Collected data
=== Section Start ===

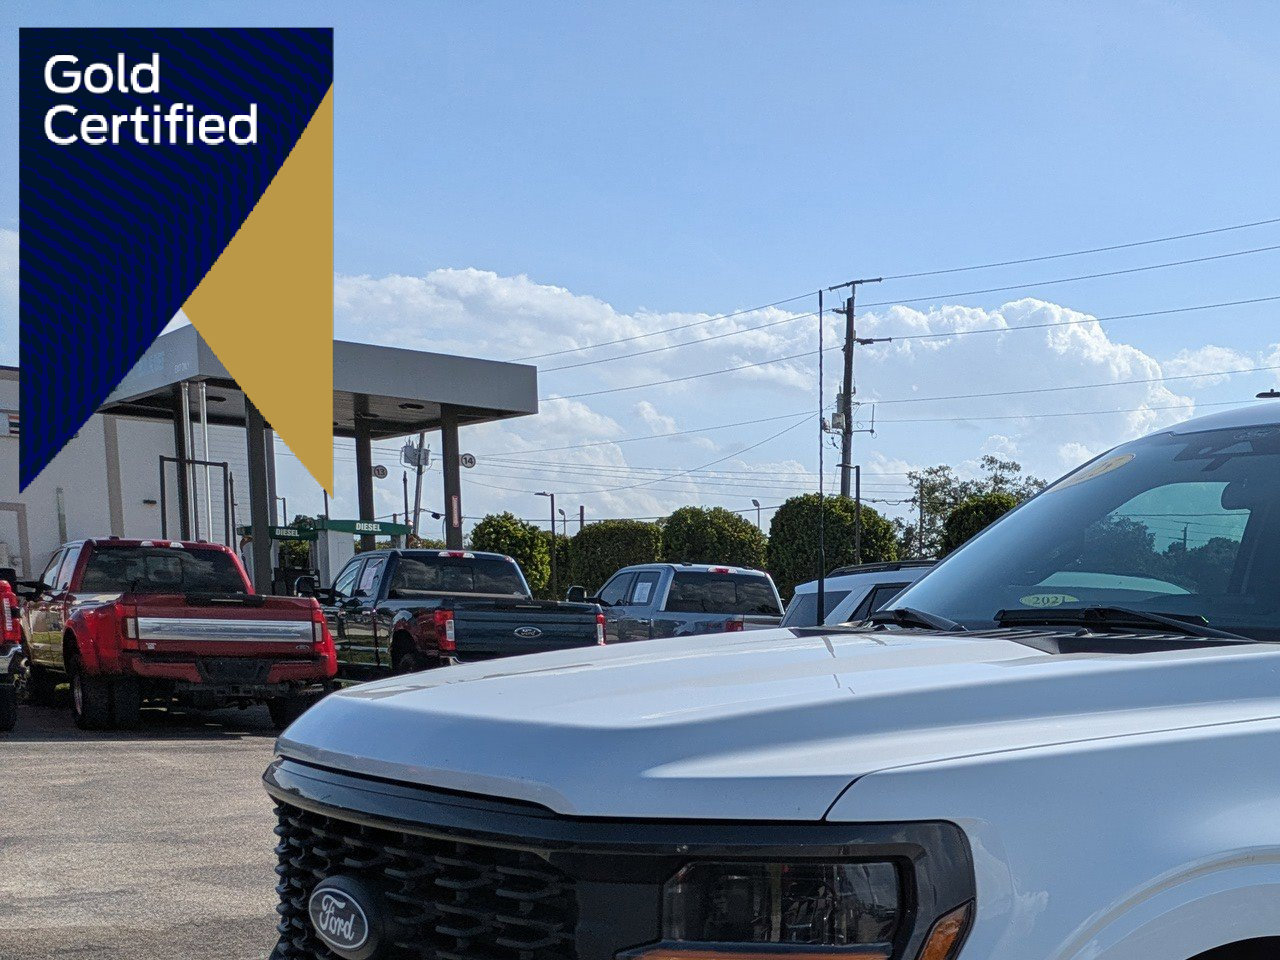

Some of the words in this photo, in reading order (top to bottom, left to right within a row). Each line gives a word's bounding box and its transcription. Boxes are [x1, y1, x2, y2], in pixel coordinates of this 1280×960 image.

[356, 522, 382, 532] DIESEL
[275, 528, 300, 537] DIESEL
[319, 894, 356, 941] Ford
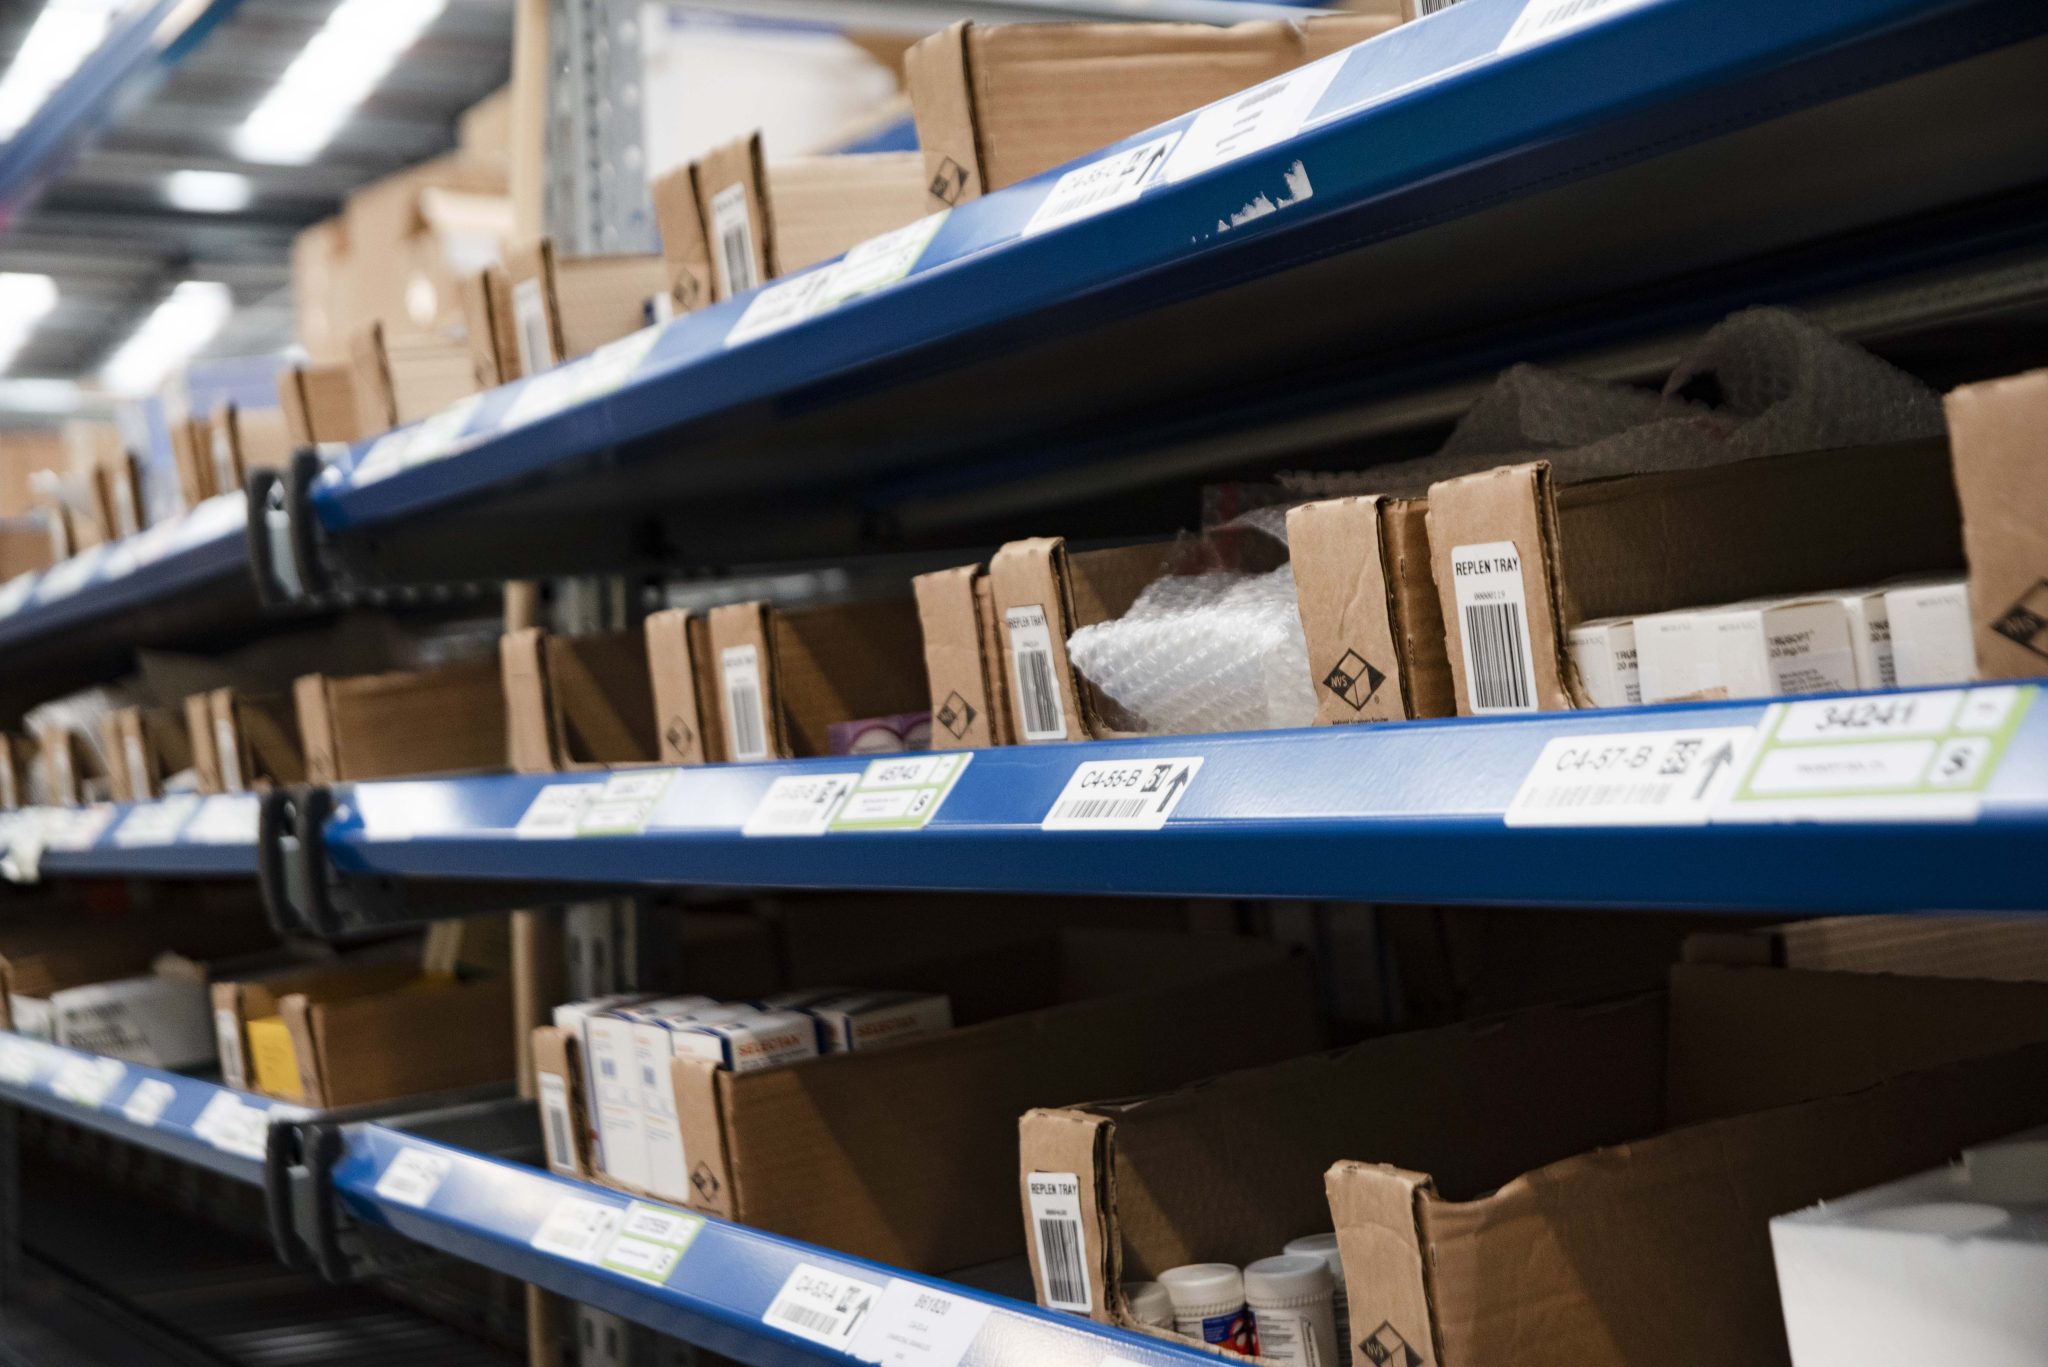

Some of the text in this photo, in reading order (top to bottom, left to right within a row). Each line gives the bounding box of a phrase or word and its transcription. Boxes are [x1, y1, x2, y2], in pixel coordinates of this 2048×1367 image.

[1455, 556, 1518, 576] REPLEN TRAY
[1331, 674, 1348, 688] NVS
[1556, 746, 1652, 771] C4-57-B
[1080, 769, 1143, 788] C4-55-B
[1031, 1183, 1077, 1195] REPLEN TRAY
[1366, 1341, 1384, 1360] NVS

=== Section End ===

#### ASSIGNMENT
Skipping all images, print the data above a second time exactly.

#### RESPONSE AREA
Some of the words in this photo, in reading order (top to bottom, left to right within a row). Each line gives a word's bounding box and its transcription. Boxes are [x1, y1, x2, y2], in pixel coordinates of this 1280×960 image.

[356, 522, 382, 532] DIESEL
[275, 528, 300, 537] DIESEL
[319, 894, 356, 941] Ford

Some of the text in this photo, in reading order (top to bottom, left to right within a row). Each line gives the bounding box of a phrase or word and its transcription. Boxes are [x1, y1, x2, y2], in pixel coordinates of this 2048×1367 image.

[1455, 556, 1518, 576] REPLEN TRAY
[1331, 674, 1348, 688] NVS
[1556, 746, 1652, 771] C4-57-B
[1080, 769, 1143, 788] C4-55-B
[1031, 1183, 1077, 1195] REPLEN TRAY
[1366, 1341, 1384, 1360] NVS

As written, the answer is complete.